Non-Nuclear Energy Cooperation Needs a New Push

By Liberali, Raffaele | European Affairs, Fall 2008 | Go to article overview

Non-Nuclear Energy Cooperation Needs a New Push


Liberali, Raffaele, European Affairs


The policy agendas of both the U.S. and the EU recognise the importance of low-carbon technologies to achieve energy policy objective.

The EU has spent the past year working on the commitments undertaken by the EU Heads of States during the European Council on March 8-9, 2007. They committed to the following targets for 2020: increase energy efficiency, reduce primary energy consumption by 20 percent, use renewable energy for 20 percent of overall EU consumption, have renewable energy (primarily biofuels) make up 10 percent of overall EU transport energy and reduce greenhouse gases by at least 20 percent by 2020.

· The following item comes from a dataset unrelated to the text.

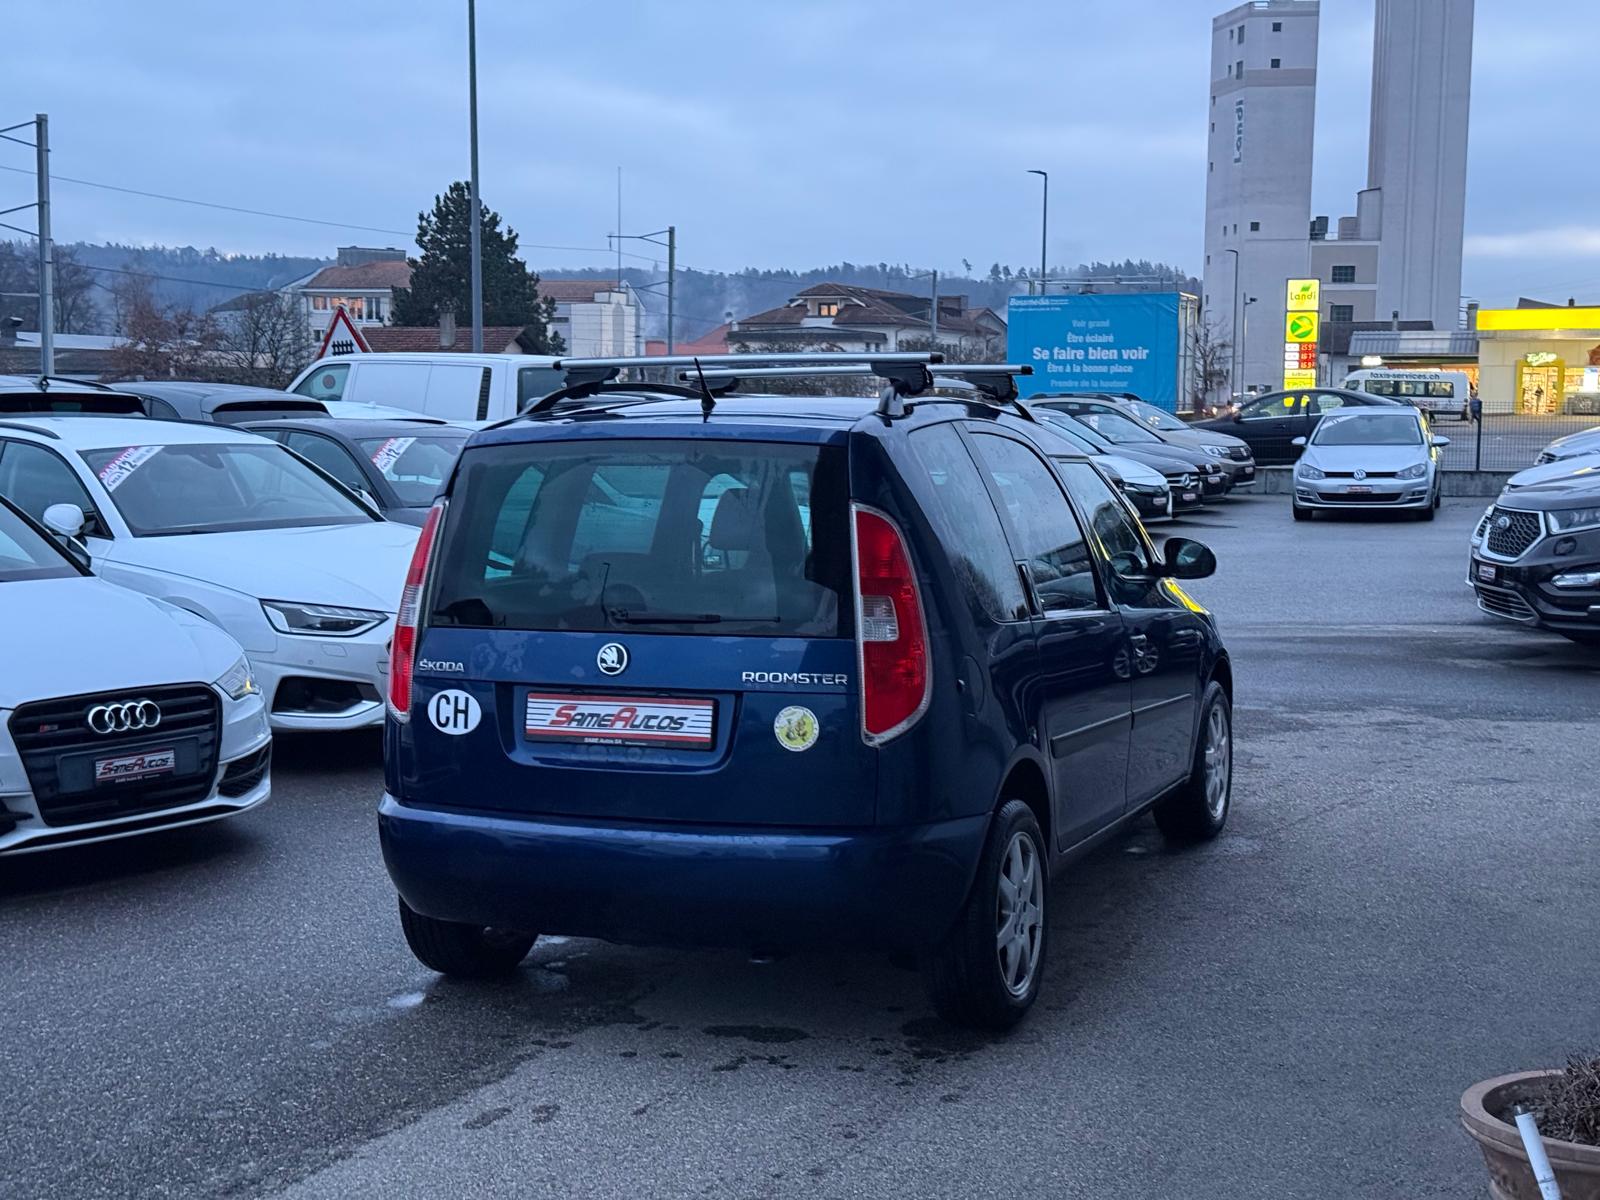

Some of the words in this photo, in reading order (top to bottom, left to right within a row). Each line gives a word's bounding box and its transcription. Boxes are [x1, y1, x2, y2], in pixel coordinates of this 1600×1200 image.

To achieve these goals, the European Council adopted a Strategic Energy Technology Plan (SET Plan) in March 2008 to accelerate the innovation of low-carbon energy technologies whilst encouraging European industry to turn threats of climate change and insecurity of supply into opportunities to increase competitiveness.

The SET Plan will be implemented through two notable initiatives. First, it creates a European Alliance on energy research to improve the coordination of research agendas at the community level. For such a purpose, a structured dialogue--comprised of high-ranking leaders of research institutes from member states--will be set up. In addition, the SET Plan includes a number of European Industrial Initiatives (EII) in well-targeted priority areas such as wind, solar, biofuels, electricity grids, C[O.sub.2] capture and storage, hydrogen and Generation IV nuclear reactors. These initiatives will aim at reinforcing research and innovation with the objective to improve performance and reduce costs, mobilize the required "critical mass" and combine the efforts of the community, member states, and industry.

The SET Plan also includes a strategy for international cooperation which reinforces the already well-recognized and increasing need for greater global cooperation in achieving new science and technology for energy. This strategy will consolidate the positions of member states to achieve a more coherent partnership effect. The SET Plan does not start from scratch but builds on a set of actions already in place, such as the EU Research and Technological Development (RTD) Framework program, Intelligent Energy Europe (part of the Competitiveness and Innovation Program), the European Technology Platform (which brings stakeholders together to discuss research agendas), the European Research Area Networking Scheme (which encourages member states to coordinate Research and Development--R&D--programs), Networks of Excellence (which give research centers the opportunity to work together) and the already-existing Joint Technology Initiative on Hydrogen.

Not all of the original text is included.